Por ejemplo, el término Apo Koshi se ha puesto de moda para
designar a los líderes del pueblo shipibo-konibo. Ahora muchos se hacen llamar
Apos. Sin embargo, se trata de un neologismo bilingüe – quechua/shipibo - un
tanto inapropiado; si traducimos el término Apo, tal como suele ser usado por
las comunidades altoandinas, directamente al shipibo, el equivalente es Ibo,
nombre que no corresponde para designar a otro ser humano. Las funciones de
liderazgo comunal y de dirigencia de las organizaciones no tienen un término
propio en lengua indígena porque corresponden a nuevas formas de hacer
política, impuestas por el Estado, que nada tienen que ver con las dinámicas de
organización social de los ancestros. Deben entenderse que los jefes y las
autoridades actuales de las comunidades ocupan cargos rotativos, que duran poco
tiempo y que cualquier persona mayor de edad que viva en la comunidad por
algunos años puede ocupar.
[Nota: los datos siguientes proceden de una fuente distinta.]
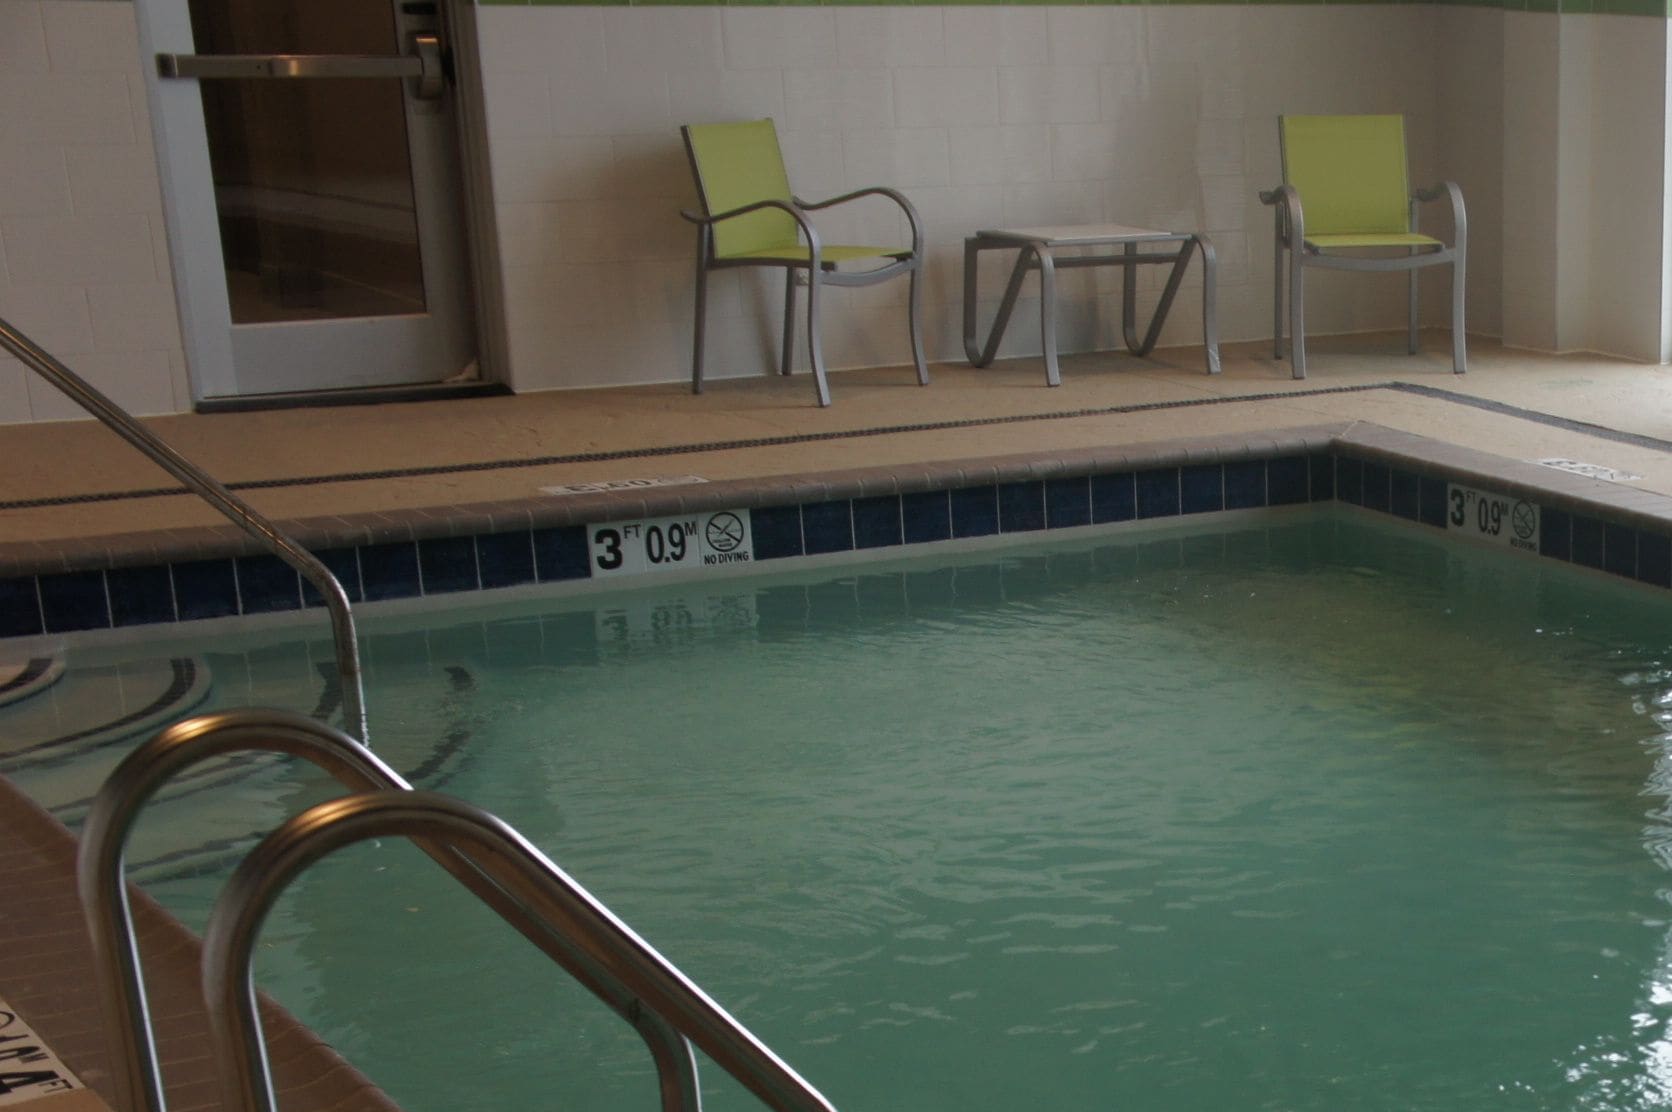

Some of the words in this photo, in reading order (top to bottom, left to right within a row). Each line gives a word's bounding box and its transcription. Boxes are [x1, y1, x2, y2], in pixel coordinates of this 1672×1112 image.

[1450, 488, 1465, 528] 3
[1478, 497, 1501, 536] 0.9
[594, 528, 623, 571] 3
[623, 523, 642, 540] FT
[646, 522, 687, 565] 0.9
[685, 520, 697, 537] M
[704, 552, 717, 565] NO
[718, 551, 750, 564] DIVING
[38, 1079, 73, 1094] FT
Lamentablemente, los dirigentes políticos de los
pueblos indígenas han aprendido mucho de las mediocres formas de hacer política
que imperan. Cuando pensamos sobre la tendencia humana a la corrupción no
conviene ser esencialistas y considerar a los miembros de los pueblos
indígenas, por el mero hecho de ser indígenas, al margen de las desviaciones
que laceran al resto de la sociedad nacional. El populismo simplón de los
políticos es una enfermedad muy contagiosa, que se ha propagado entre los
dirigentes indígenas y también entre los intelectuales.
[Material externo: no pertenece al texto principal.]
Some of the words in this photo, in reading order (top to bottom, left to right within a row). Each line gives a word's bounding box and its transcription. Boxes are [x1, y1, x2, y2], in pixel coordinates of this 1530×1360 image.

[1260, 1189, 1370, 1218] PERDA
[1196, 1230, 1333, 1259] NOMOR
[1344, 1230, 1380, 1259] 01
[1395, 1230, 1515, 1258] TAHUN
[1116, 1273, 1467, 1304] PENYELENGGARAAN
Si bien resulta fácil romantizar a los pueblos indígenas
desde la ciudad, la mayoría de las poblaciones están atravesadas por las
antinomias de la modernidad expansiva, las expectativas de la economía
mercantilista y los modelos comportamentales de los medios de comunicación.
Aunque hay excepciones, los saberes ancestrales de los pueblos indígenas (no
creo que nadie pueda negarlo) se están perdiendo, por lo general, de forma
bastante acelerada; y los propios jóvenes, en su mayoría, no quieren
practicarlos, porque los consideran poco sofisticados. Cada persona, cada
comunidad y cada nación, tiene la responsabilidad intransferible de
salvaguardar su herencia y la libertad de decidir sobre su destino. Los pueblos
indígenas no son mancos ni cojos que necesiten ser salvados por el Estado o por
los intelectuales y artistas progresistas; son pueblos fuertes y resilentes que
precisan, según mi parecer, que cese la opresión histórica que el Estado ha
desplegado sobre ellos de forma sistemática, para que puedan decidir en
libertad su propio destino, sin tener que cumplir con la agenda ideológica de
nadie. Mi forma de entender la salud cultural y los pasos a seguir para
alcanzarla no es más que una propuesta, que hago en mi condición de comunero de
una comunidad indígena; pero serán finalmente las comunidades y cada una de las
familias e individuos, quienes elijan qué relación establecen con los antiguos,
de qué manera viven el presente y cómo se proyectan hacia el futuro.